Sikap tersebut disampaikan menyikapi silang pendapat yang berkembang di ruang publik terkait kemungkinan perubahan mekanisme Pilkada dari pemilihan langsung oleh rakyat menjadi pemilihan tidak langsung melalui lembaga legislatif daerah.
“Kami PDI Perjuangan menolak usulan tersebut. Pemilihan pimpinan eksekutif harus tetap dipilih langsung oleh masyarakat,” kata Ananda Selasa (12/1/2026).
Ananda menjelaskan, PDI Perjuangan Kalimantan Timur berpandangan bahwa pilkada langsung merupakan bagian penting dari praktik demokrasi yang telah diperjuangkan sejak era reformasi. Mekanisme ini, menurutnya, memberikan ruang partisipasi yang luas bagi rakyat untuk menentukan arah kepemimpinan daerah sesuai dengan kehendak masyarakat.
Menurut Ananda, hak berdemokrasi warga negara tidak boleh dikurangi dengan alasan apa pun. Ia menegaskan bahwa kedaulatan sepenuhnya berada di tangan rakyat, sehingga proses pemilihan kepala daerah harus tetap melibatkan masyarakat secara langsung sebagai pemilik mandat tertinggi dalam sistem demokrasi.
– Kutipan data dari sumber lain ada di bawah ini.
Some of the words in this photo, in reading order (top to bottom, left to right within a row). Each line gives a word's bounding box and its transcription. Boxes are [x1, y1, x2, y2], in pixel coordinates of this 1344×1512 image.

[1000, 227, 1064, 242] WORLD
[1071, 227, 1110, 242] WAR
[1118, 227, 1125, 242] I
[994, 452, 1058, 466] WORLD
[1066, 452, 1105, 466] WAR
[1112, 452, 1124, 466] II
“Kalau dipilih lewat DPRD, partisipasi rakyat jelas berkurang. Masyarakat seharusnya yang menentukan, dari rakyat, oleh rakyat, dan untuk rakyat,” ujarnya.
Lebih lanjut, Ananda menilai bahwa pemilihan kepala daerah melalui DPRD berpotensi menciptakan jarak antara pemimpin dan masyarakat. Ia khawatir, mekanisme tersebut justru akan mengurangi akuntabilitas kepala daerah kepada rakyat karena mandat kepemimpinan tidak diperoleh secara langsung dari pemilih.
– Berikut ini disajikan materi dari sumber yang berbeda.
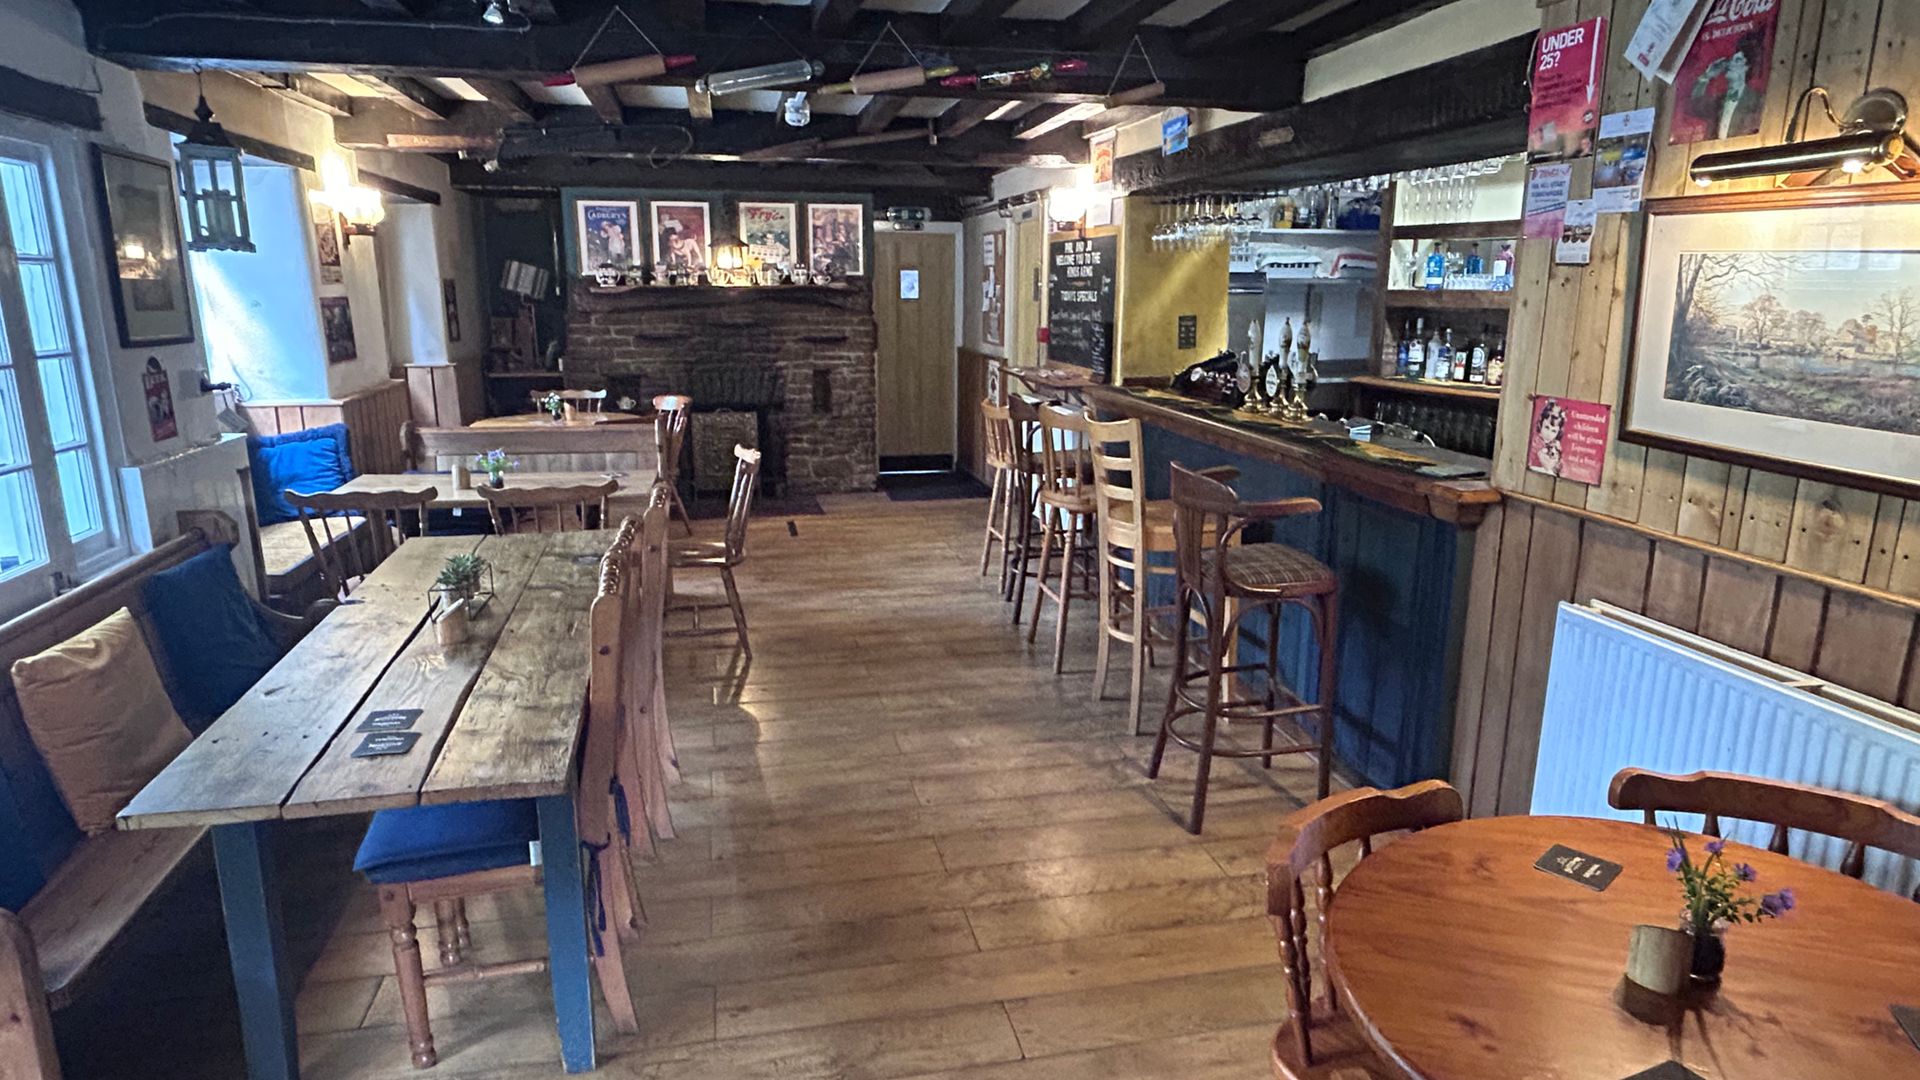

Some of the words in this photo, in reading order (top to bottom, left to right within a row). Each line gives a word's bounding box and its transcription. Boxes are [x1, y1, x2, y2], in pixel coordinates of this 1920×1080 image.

[1542, 28, 1584, 53] UNDER
[1539, 51, 1561, 71] 25?
[1056, 253, 1075, 266] WELCOME
[1091, 252, 1101, 264] THE
[1076, 290, 1098, 302] SPECIALS
Ananda menegaskan bahwa hingga saat ini, sikap DPD PDI Perjuangan Kalimantan Timur tetap konsisten dan tidak berubah. Partai berlambang banteng tersebut secara tegas menolak wacana pemilihan kepala daerah melalui DPRD dan tetap berkomitmen memperjuangkan pilkada langsung sebagai wujud demokrasi yang sehat dan partisipatif.
Ia juga menambahkan, PDI Perjuangan Kaltim akan terus menyuarakan penolakan ini dalam berbagai forum politik, baik di tingkat daerah maupun nasional, sebagai bagian dari upaya menjaga kualitas demokrasi dan memastikan hak politik rakyat tidak mengalami kemunduran.